Cerdas Menyikapi Hoax Erupsi Gunung Agung

Oleh

Ni Ketut Tira Medani



Foto: Phinemo.com
Hoax memang sangat menyebalkan dan tidak pandang bulu. Sekali saja ada berita bohong tersebar secara viral, bisa menyebabkan kerusakan yang sangat parah. Setiap ada peristiwa terbaru, medsos pun langsung dijejali oleh foto-foto dan video hoax. Tidak terkecuali sekarang, saat Gunung Agung naik status ke level 'awas' dan berita evakuasi pun mulai meluas. Secara bersamaan pula foto, video, serta tautan mulai dibumbui dengan  kebohongan yang  berusaha merebut perhatian lewat berbagai media sosial. Dengan diserangnya hoax ini masyarakat Karangasem menjadi sangat panik.

Beredarnya berita hoax yang kini marak di media sosial memicu keresahan serta kepanikan masyarakat Bali, khususnya bagi para penduduk yang berada di radius 9-12 km dari puncak Gunung  Agung atau dikenal dengan zona berbahaya. Zona berbahaya yang termasuk itu ada 27 desa dari 78 desa di Karangasem. Mereka tentu merasa panik hingga  belum sempat membereskan barang-barang yang akan mereka bawa dan pasti ada yang ketinggalan.

Belum lama ini, dunia maya dihebohkan dengan sebuah video yang diunggah di youtube yang mengabarkan “Gunung Agung meletus dahsyat beberapa saat lalu”. Video itu menayangkan  seolah-olah Gunung Agung sudah meletus. Dalam video tersebut diperlihatkan Gunung Agung telah mengeluarkan lava pijar dan menyemburkan awan panas. Padahal video tersebut bukan video Gunung Agung, namun video Gunung Sinabung yang meletus.  

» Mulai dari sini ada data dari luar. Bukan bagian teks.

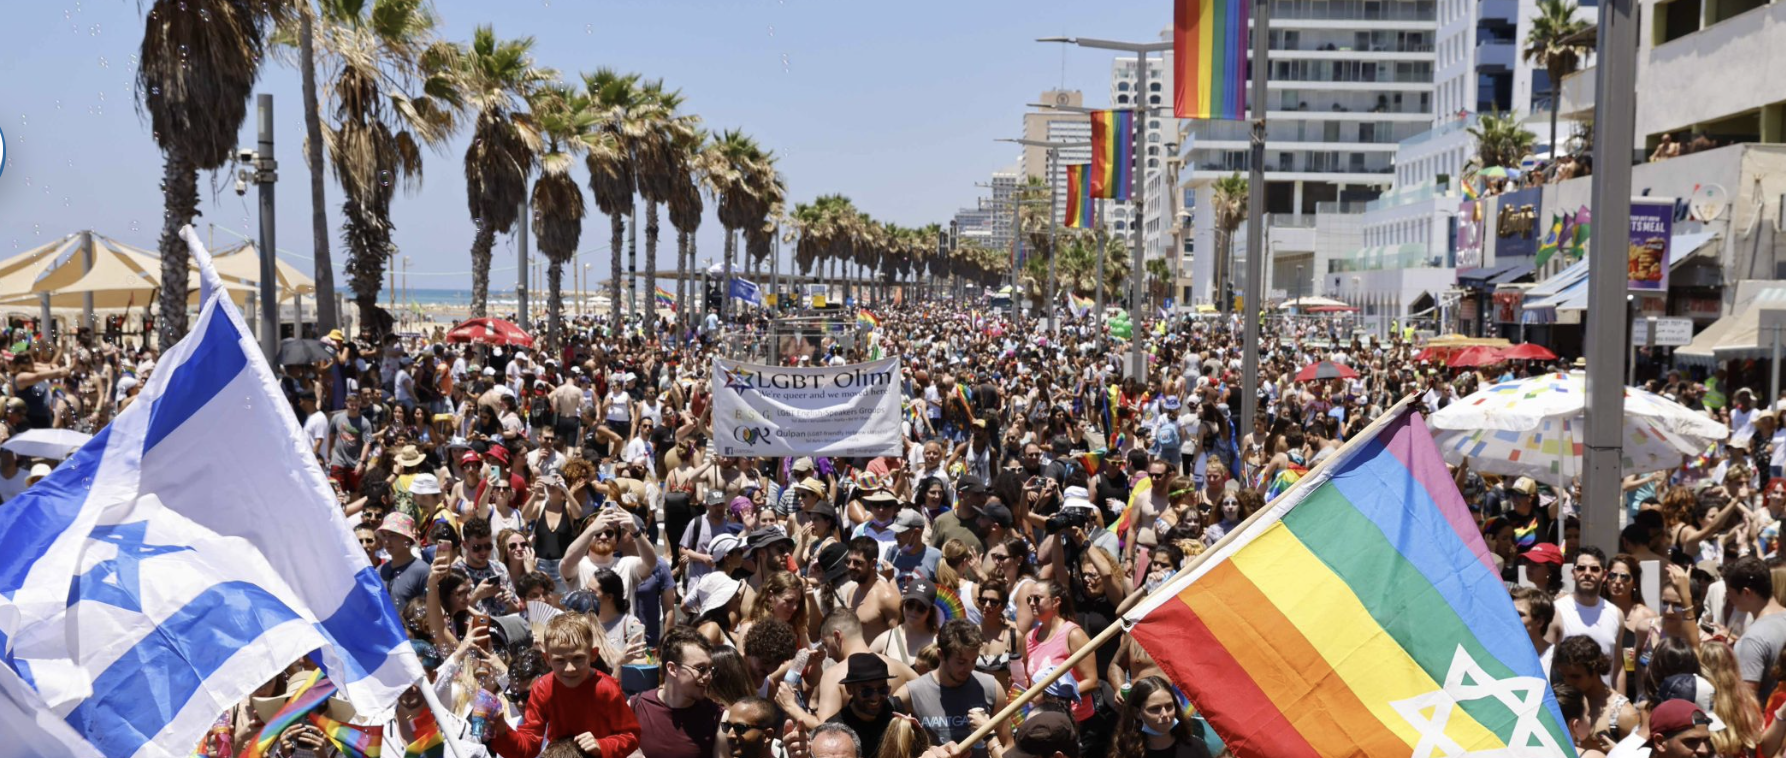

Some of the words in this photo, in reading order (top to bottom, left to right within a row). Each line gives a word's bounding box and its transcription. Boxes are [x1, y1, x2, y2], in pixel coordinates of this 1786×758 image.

[1642, 222, 1666, 233] MEAL
[757, 371, 824, 389] LGBT
[834, 368, 891, 389] Olim
[759, 389, 781, 398] We're
[783, 391, 808, 401] queer
[809, 390, 825, 399] and
[827, 391, 840, 399] we
[841, 390, 868, 398] moved
[870, 388, 891, 396] here!
[735, 409, 742, 419] E
[777, 409, 795, 417] LGBT
[859, 406, 885, 416] Groups
[921, 716, 970, 727] AVANTGA

Orang-orang  cenderung lebih percaya dengan informasi yang beredar di medsos, terlebih lagi jika pengirim pesan itu adalah orang dekat. Hal ini yang kemudian dimanfaatkan penebar hoax untuk menebar kepanikan. Hoax  tadi merembet ke berbagai format media sosial dan memicu kegaduhan yang tidak perlu. Akibatnya, di malam yang sama Kepala Pusat Vulkanologi dan Mitigasi Bencana Geologi (PVMBG), Kasbani mengeluarkan keterangan untuk menegaskan bahwa kabar yang beredar  tidak dapat dipastikan kebenarannya.

Selain merugikan masyarakat, hoax yang mengatakan Gunung Agung  terkesan menakutkan itu juga merugikan bagi pengusaha travel agent di Bali. Mereka mengungkapkan bahwa berita tentang Gunung Agung memang terlalu dibesar-besarkan. Jika berita ini tidak segera diantasipasi, maka pariwisata di Bali dipastikan terganggu.

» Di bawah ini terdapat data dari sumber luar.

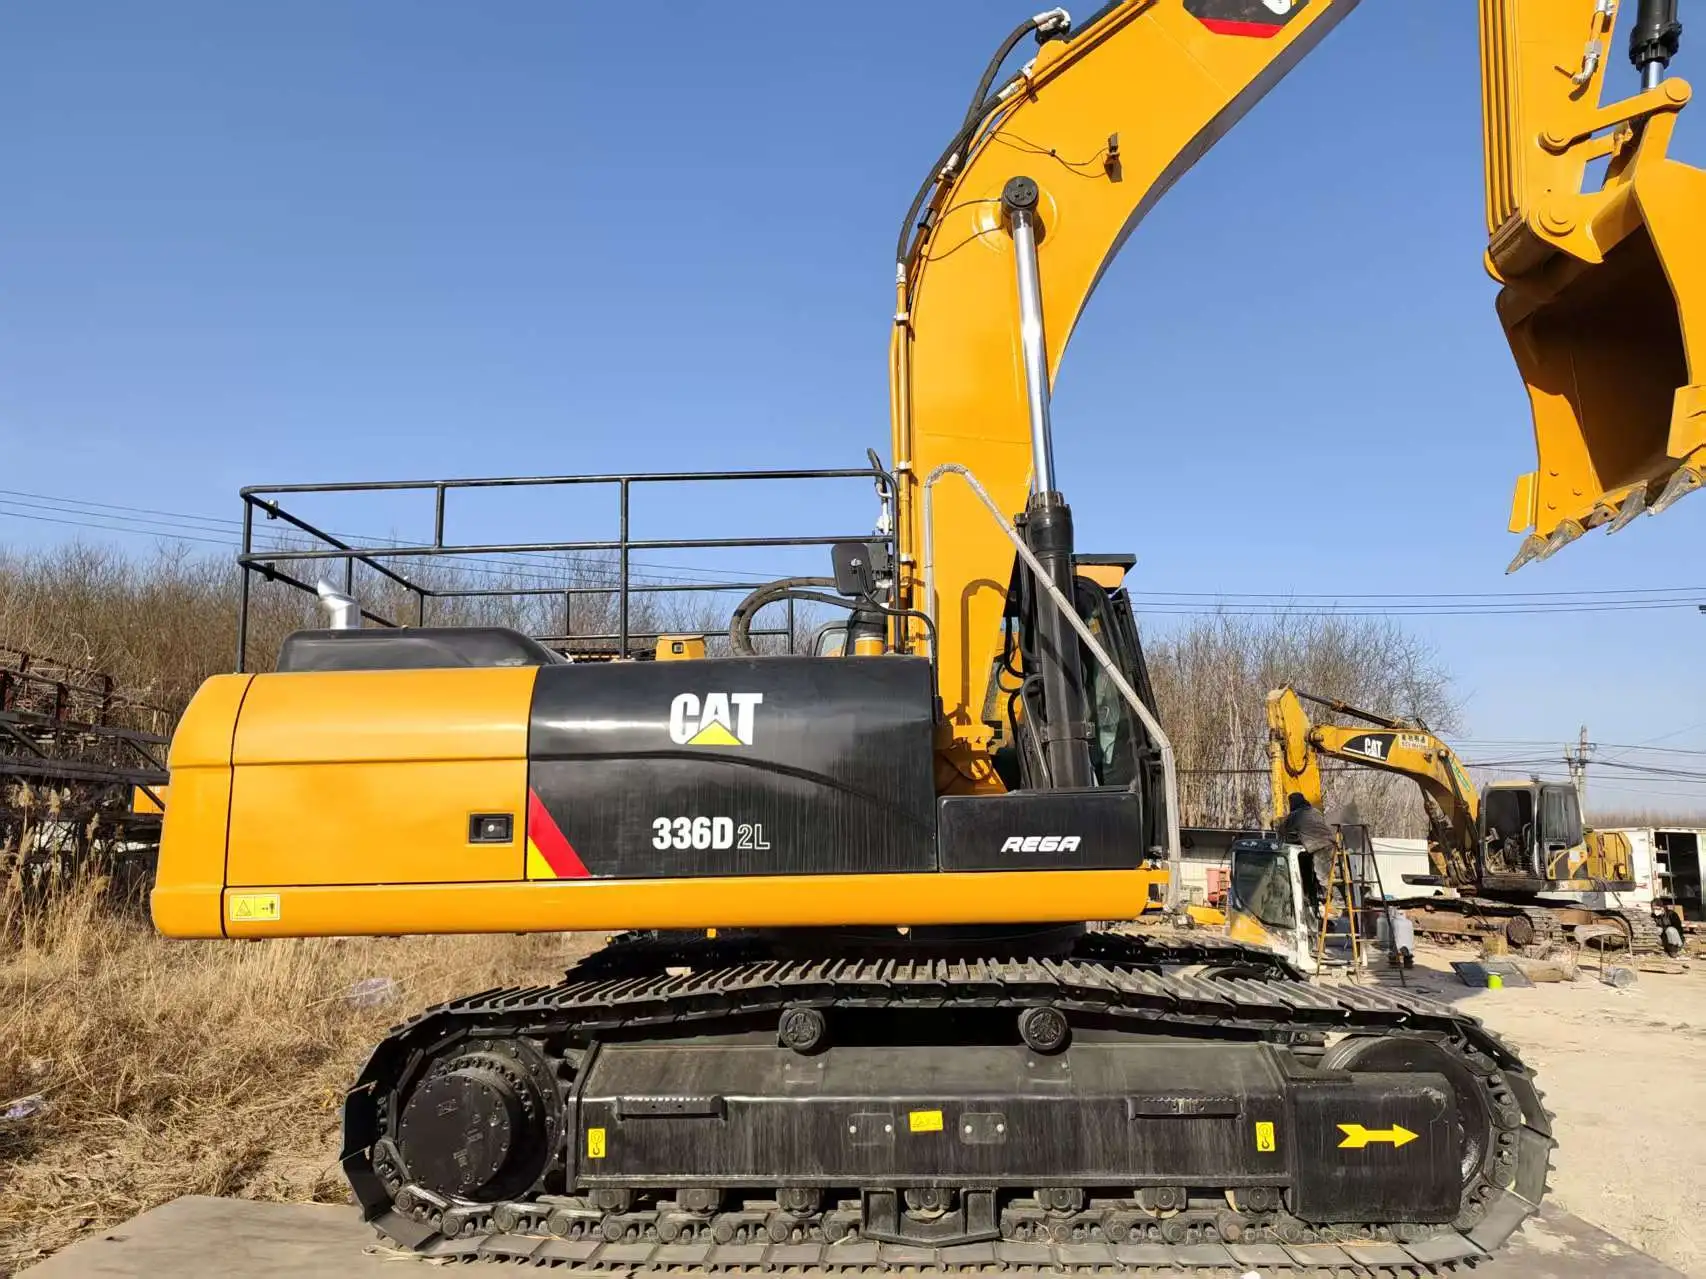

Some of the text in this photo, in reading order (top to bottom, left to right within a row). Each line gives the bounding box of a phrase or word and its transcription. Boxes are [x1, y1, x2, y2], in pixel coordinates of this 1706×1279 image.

[669, 692, 764, 746] CAT
[1364, 737, 1382, 758] CAT
[652, 816, 734, 850] 336D
[1000, 836, 1081, 853] REGA

Sebenarnya yang ditakuti wisatawan jika suatu saat Gunung Agung benar-benar meletus, mereka tidak bisa kembali ke negaranya sesuai waktu yg diharapkan, karena penerbangan saat itu pasti akan ditutup. Tetapi tidak, karena sudah disiapkan 9 bandara untuk mengantisipasi kepulangan wisatawan jika Gunung Agung benar-benar meletus.

Oleh sebab itu, kita harus pandai menangkal berita yang tidak benar tersebut agar tidak mudah dipercaya oleh publik. Masyarakat pun diminta bijak untuk menggunakan media sosial dan saling berbagi informasi.